The perifocal reference frame has a right-handed coordinate system where p=x,q=y and w=z.

We want to be able to represent three orbit types individually as elliptical orbits are fundamentally cyclical in a way that para/hyperbolic orbits are not. Hyperbolic orbits more useful than parabolic since they allow us to actually leave a planet. They need to be positioned at a unique point in time, where elliptical orbits do not. What additional orbital element information is required to position them in time?

Orbits take place in a (non-inertial?) reference frame. How should we model these? We need a set of 3D axes and a clock for a reference frame. What elements of our existing implementation would change? It should be possible to get reference frames from a particle. Should we be constructing orbits with a reference frame?
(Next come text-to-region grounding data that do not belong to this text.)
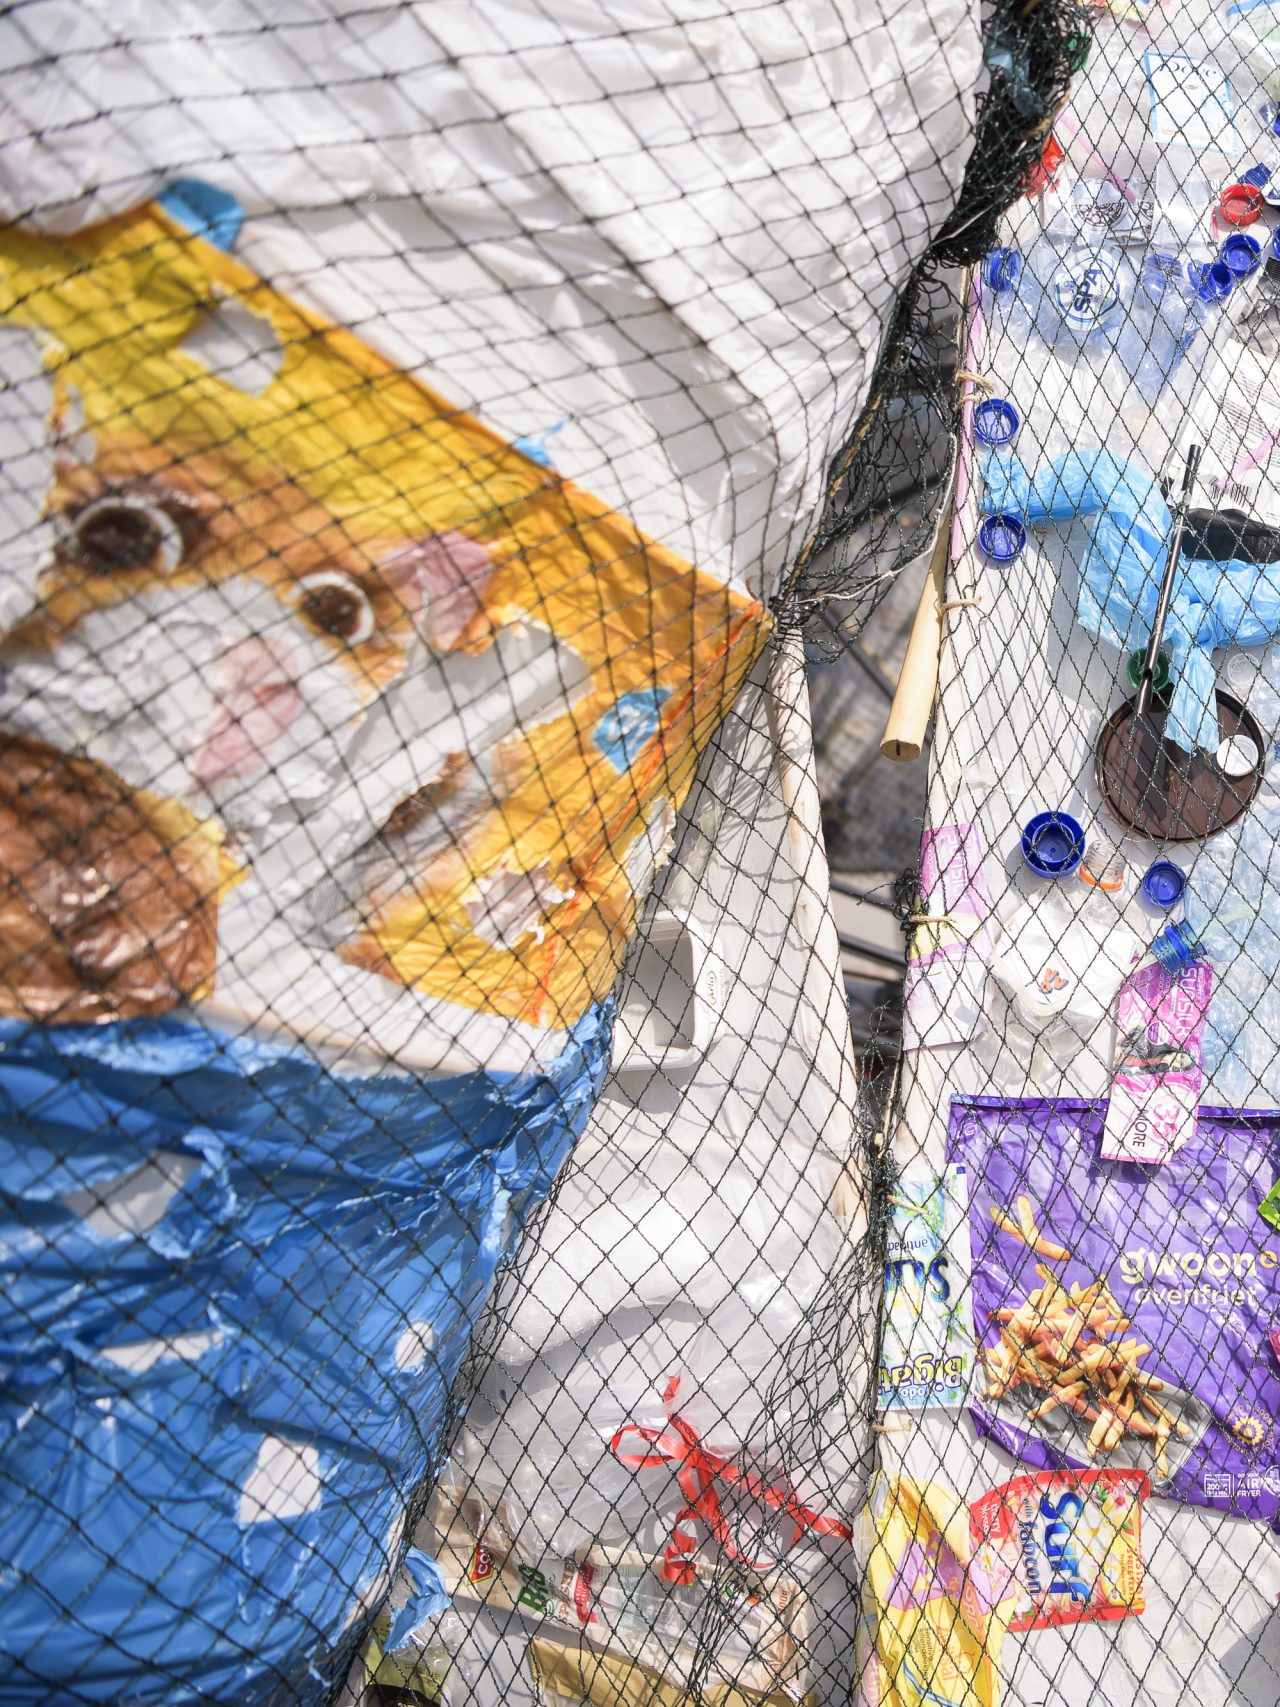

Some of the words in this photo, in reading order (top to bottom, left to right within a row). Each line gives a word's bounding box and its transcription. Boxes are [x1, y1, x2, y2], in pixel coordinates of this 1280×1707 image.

[1073, 268, 1101, 314] SPA
[1119, 1247, 1257, 1285] gwoon
[1134, 1284, 1257, 1306] ovenfriet
[1236, 1489, 1261, 1497] FRYER
[1039, 1491, 1092, 1603] Surf
  • Make C properly pause time
  • Make W print out the normalized Cartesian velocity
  • Verify that the velocity is in opposite directions on opposite sides of the orbit
  • Make W convert the orbital elements to cartesian
    • add 10% to the velocity
    • then convert cartesian back to kepler elements and update the orbit

Now we can update the shape of the orbit but the position of the planet is not preserved. This is probably because we are calculated mean anomaly as a function of time, instead of taking into account the planet's existing elements.
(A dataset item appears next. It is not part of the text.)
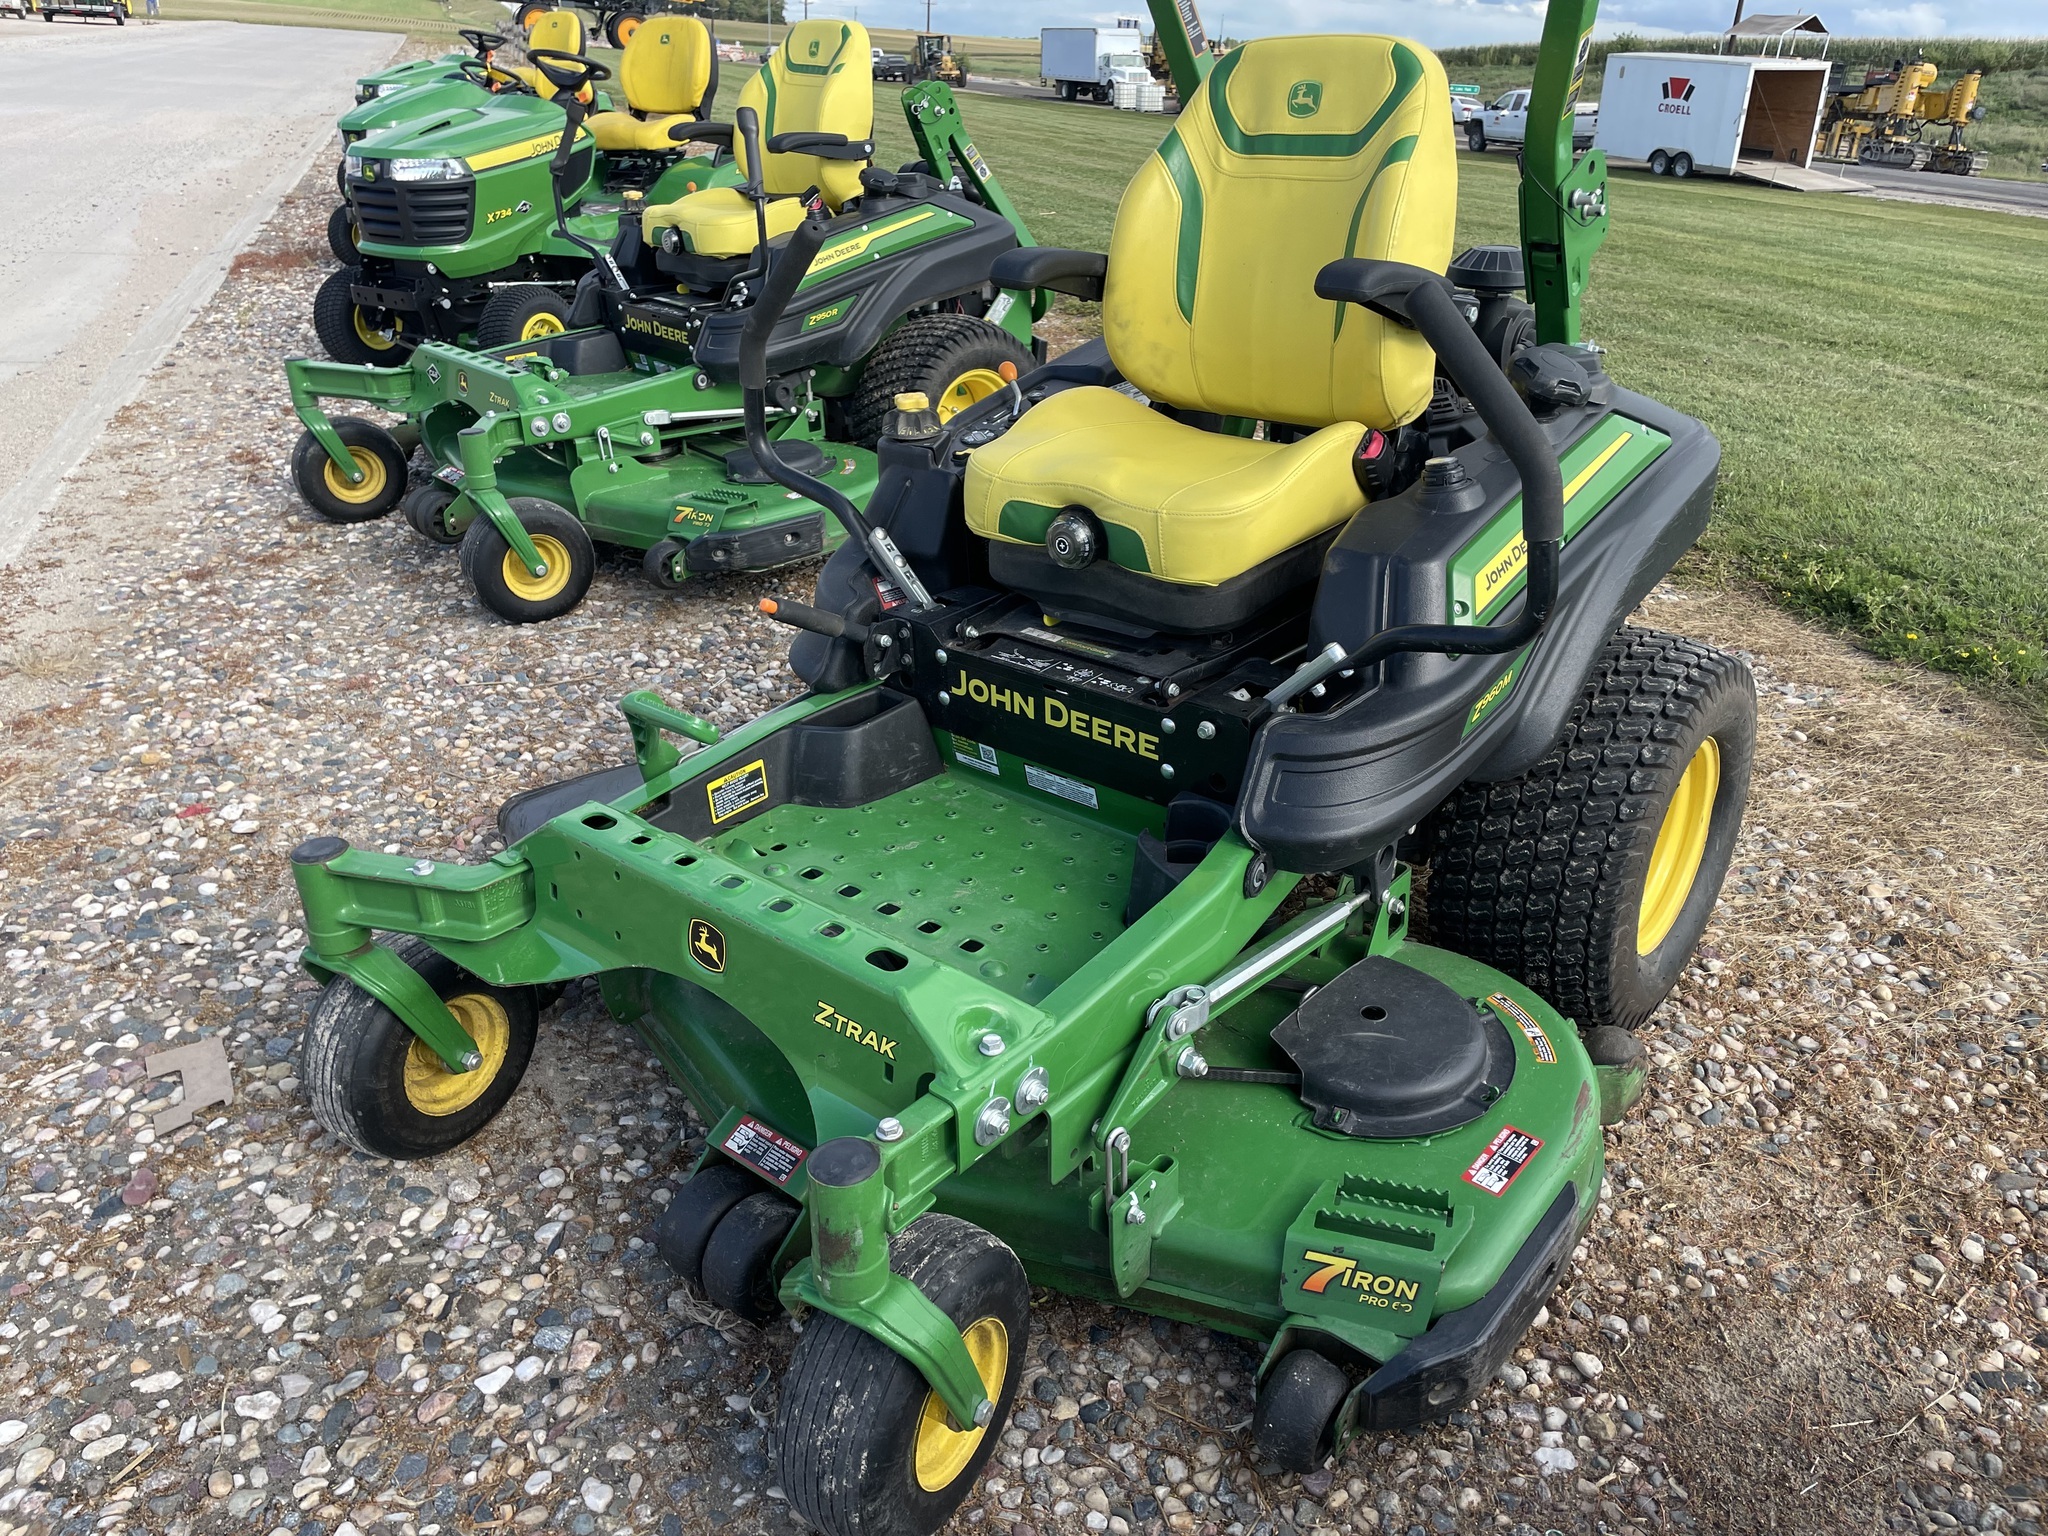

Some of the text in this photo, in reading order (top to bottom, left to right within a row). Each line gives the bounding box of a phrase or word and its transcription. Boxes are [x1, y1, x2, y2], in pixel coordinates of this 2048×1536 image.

Therefore when converting from cartesian to keplerian elements, we lose the information about the true anomaly. If we conserve this information when setting the planet's position in following frames we should maintain the planet's position within its orbit.
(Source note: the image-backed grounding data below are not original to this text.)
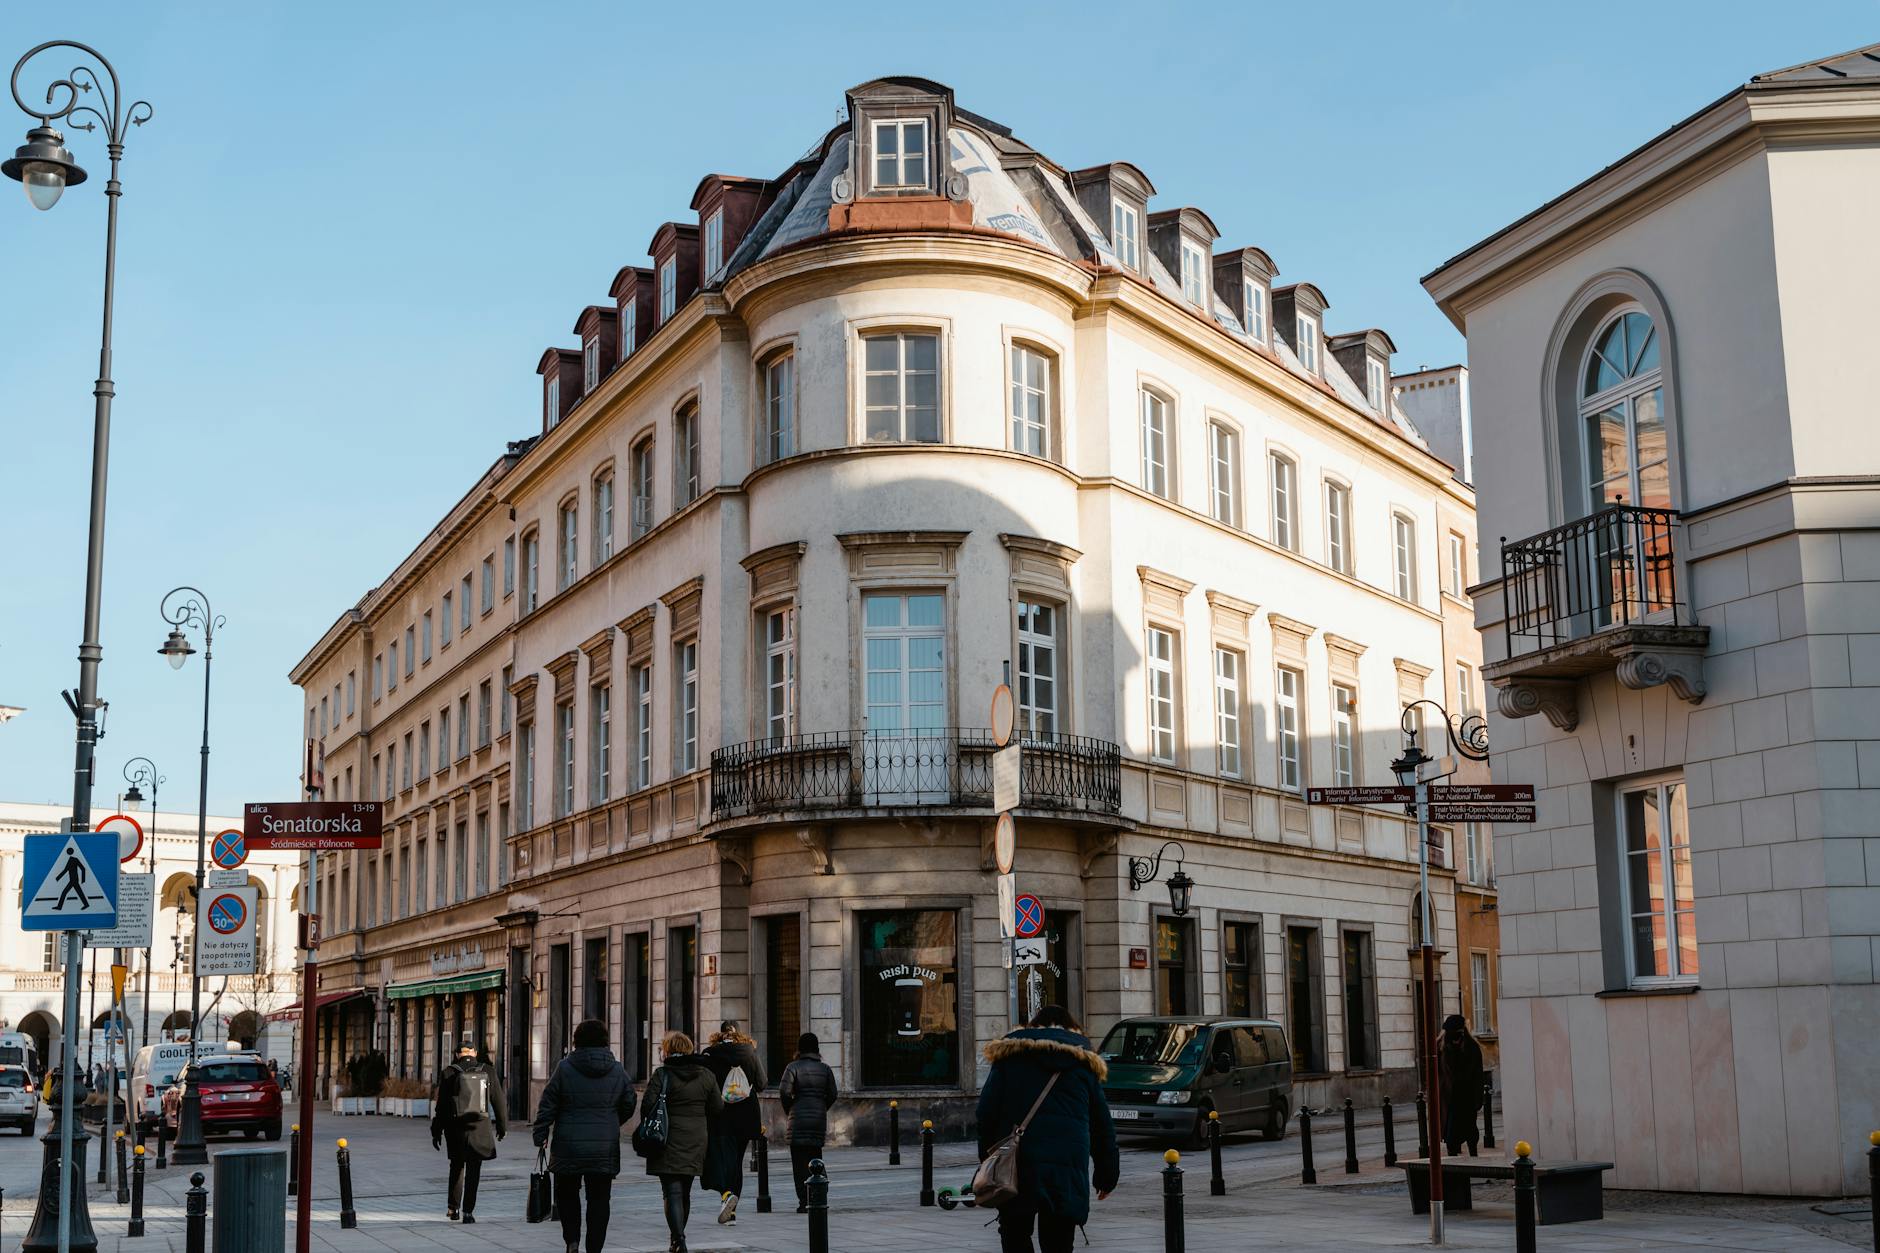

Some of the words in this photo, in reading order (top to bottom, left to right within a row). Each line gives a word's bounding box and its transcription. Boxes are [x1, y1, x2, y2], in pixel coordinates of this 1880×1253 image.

[1325, 789, 1357, 797] Informacja
[1360, 788, 1395, 797] Turystyczna
[1450, 787, 1482, 795] Narodowy
[250, 805, 268, 814] ulica
[353, 803, 375, 812] 13-19
[262, 812, 362, 834] Senatorska
[1511, 813, 1531, 822] Opera
[271, 838, 317, 849] Śródmieście
[319, 839, 355, 849] Północne
[213, 917, 227, 929] 30
[204, 942, 218, 950] Nie
[220, 942, 249, 953] dotyczy
[201, 951, 251, 961] zaopatrzenia
[209, 962, 230, 971] godz.
[233, 960, 251, 969] 20-7
[160, 1047, 215, 1059] COOLFOST
Currently we get a planet's position by querying the map with a time parameter. Instead, we should update the map with a time parameter and then query it. This means that we can update the entire map to the same time value, and then operate on its objects in the context of a single instant. We still avoid directly storing a time value in the map, but we will have complete elements with which to orbital operations.

I think to resolve this we will have to update the particle map (particle simulation?)

We assume that true anomaly is 0 at t=0 to avoid having to consider the previous position. We can't actually make this assumption when we change the shape of the orbit, because the period of the orbit changes as well. As such the calculated position doesn't take into account motion that happened when the orbit was a different shape.

Now we set the true anomaly when setting the particle velocity. However, the particle still jumps around due to us always calculating the particle position based on an absolute time, rather than taking into account the new period.

We need to calculate the particle's position as a function of the absolute time AND the specific particle's true anomaly at t=0. We need to update the latter when we modify the orbit.

We actually want to calculate the particle's mean anomaly at epoch when we update orbital parameters. This is because it is the mean anomaly which is computed as a function of time. When we update the orbital parameters, we can compute the mean anomly from the true anomaly on both occasions, which gives us the different in the mean anomaly at epoch before and after the update.

Argument of Periapsis

Hypothesis: The shifting in position is caused by a the change in the argument of periapsis which is not accounted for when updating the orbit

What happens when the initial orbit is circular?

Test: Update the velocity such that the apo- and periapses of the orbit should swap sides. This should cause the particle to jump to the other side of the planet. Test: Position the particle exactly at the apo- or periapsis before updating the velocity. The particle should remain stationary.